If wild pigs and boars sound unpleasant to you, they’re even more upsetting to farmers in Brazil and the Americas, where the study took place. There, feral pigs cause a huge amount of damage to crops and pose a rabies threat to cattle.
It’s the rabies part of the equation that’s particularly concerning to ranchers. About 1.4% of vampire bats, or D. rotundus, in Brazil’s Atlantic Forest biome carry the disease, with rates running as high as 10% among vampire bats in the Peruvian Amazon.
The bats can transmit the rabies virus through their saliva, and they regularly feed on the blood of feral pigs and boars. Scientists used video monitoring to determine that on any given night, the incidence of vampire bat attacks on feral pigs runs as high as 10%. Although ranchers typically vaccinate their cattle, wild animals like pigs aren’t vaccinated and can potentially spread the deadly disease.

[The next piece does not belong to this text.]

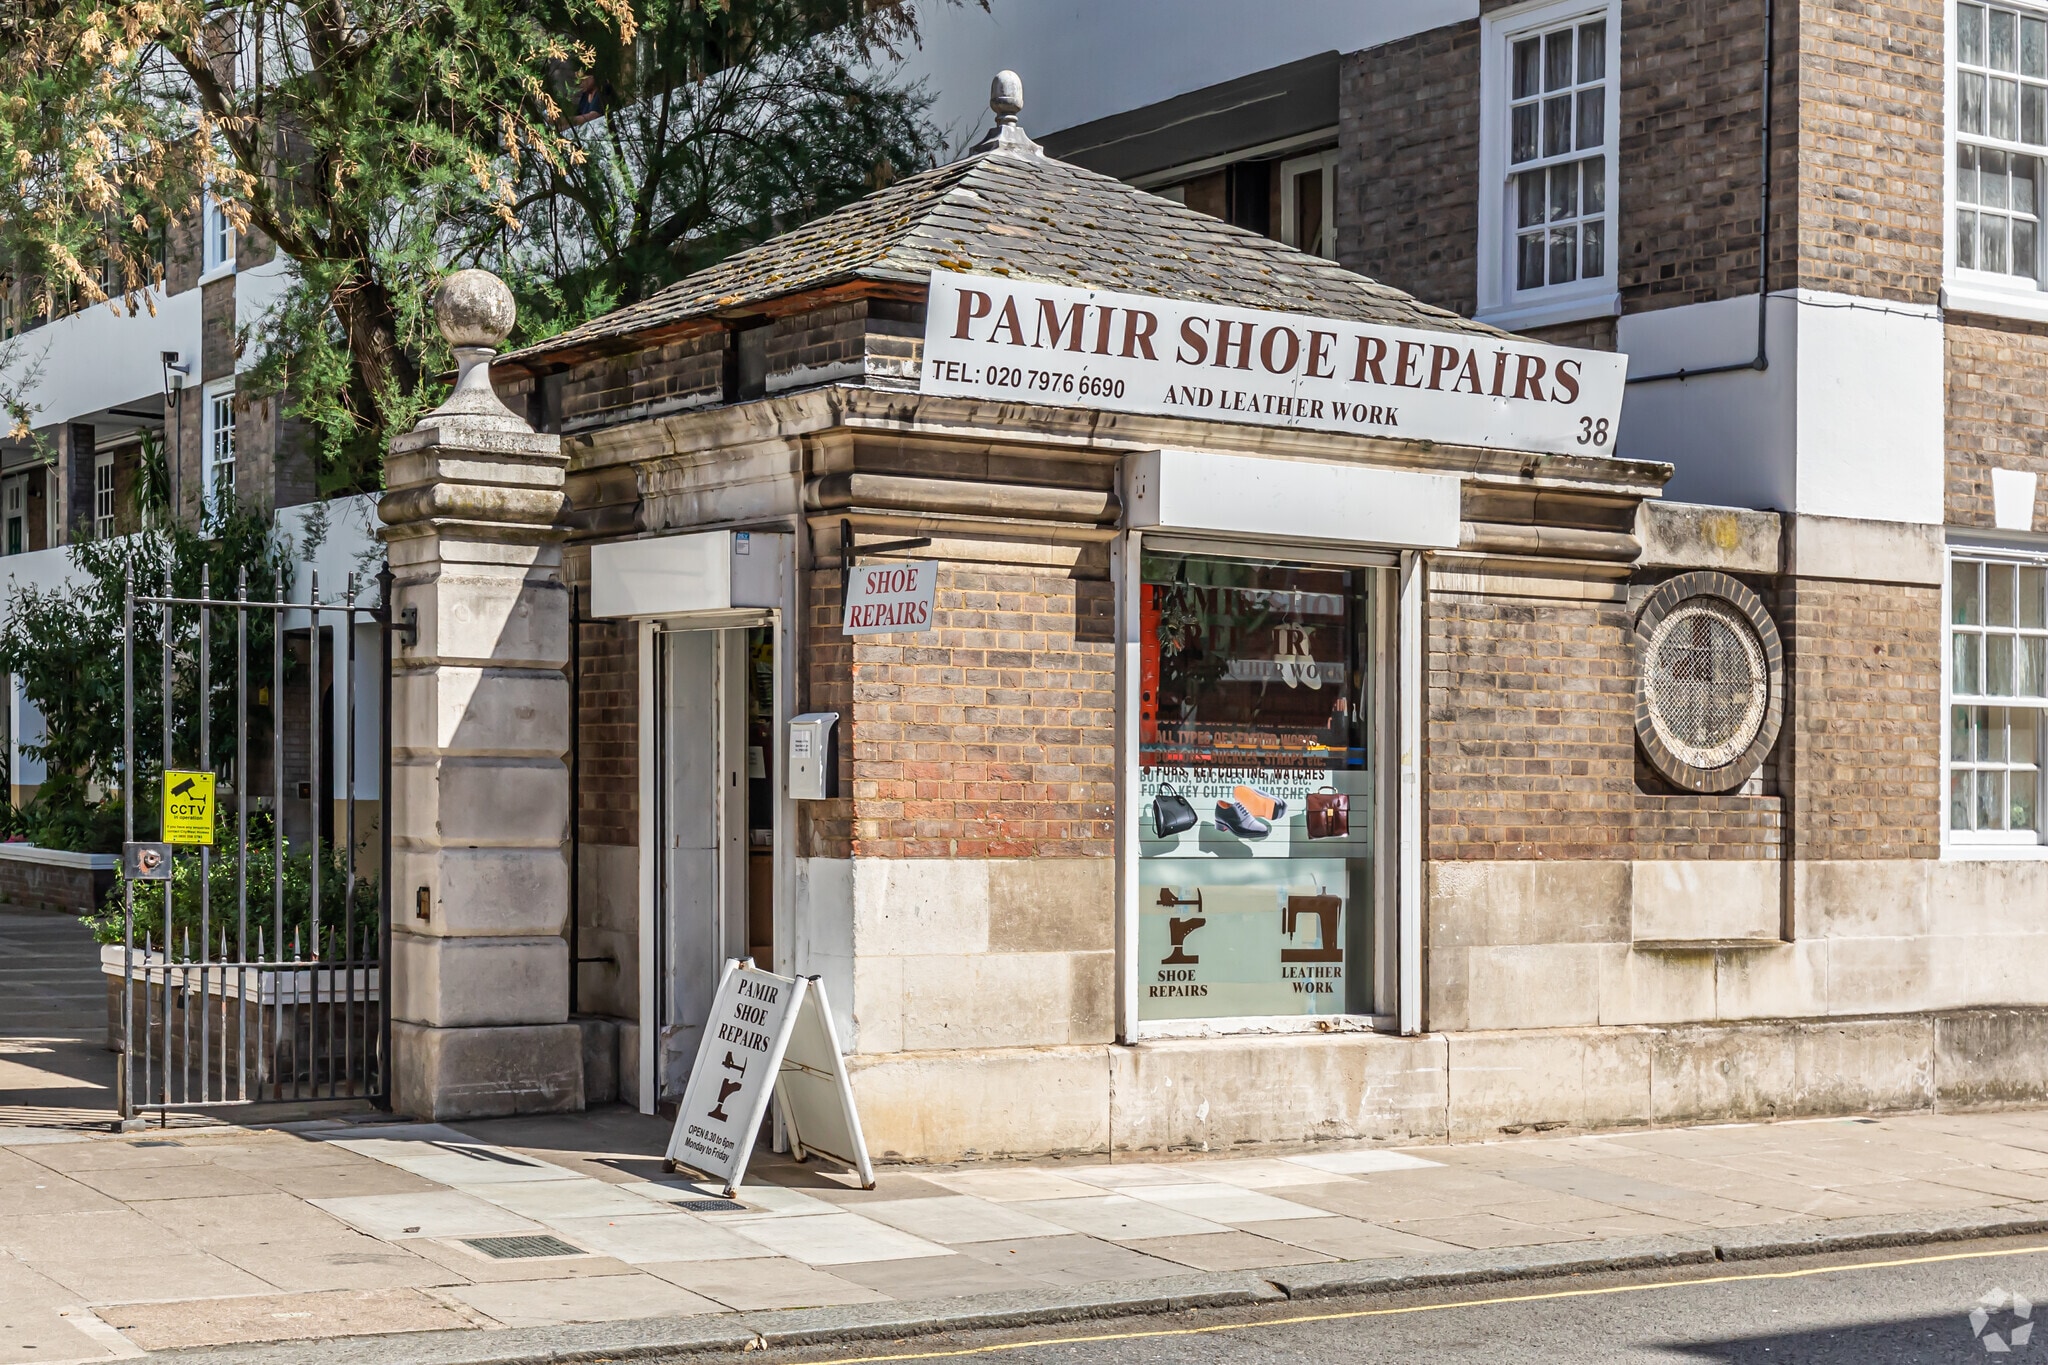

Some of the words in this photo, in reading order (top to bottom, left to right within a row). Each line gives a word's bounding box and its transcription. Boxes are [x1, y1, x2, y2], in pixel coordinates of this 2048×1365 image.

Rabies isn’t the only concern, according to Ivan Sazima of the University of Campinas. ”The rabies virus is transmitted through the saliva of infected bats. D. rotundus is a reservoir for other viruses with epidemiological potential, including hantavirus and coronavirus,” he said.
Another member of the research team, Alexine Keuroghlian, is a biologist with the Wildlife Conservation Society in Brazil. He explained that these diseases may also be transmitted to the other wild animals on which vampire bats feed.
“Other viral diseases carried by boars and feral pigs may be transmitted to native animals that are bitten by vampire bats,” he said. These animals include tapirs, deer, and capybaras.
Researchers brought this problem to light in a study in the journal Frontiers in Ecology and the Environment. Sweet dreams!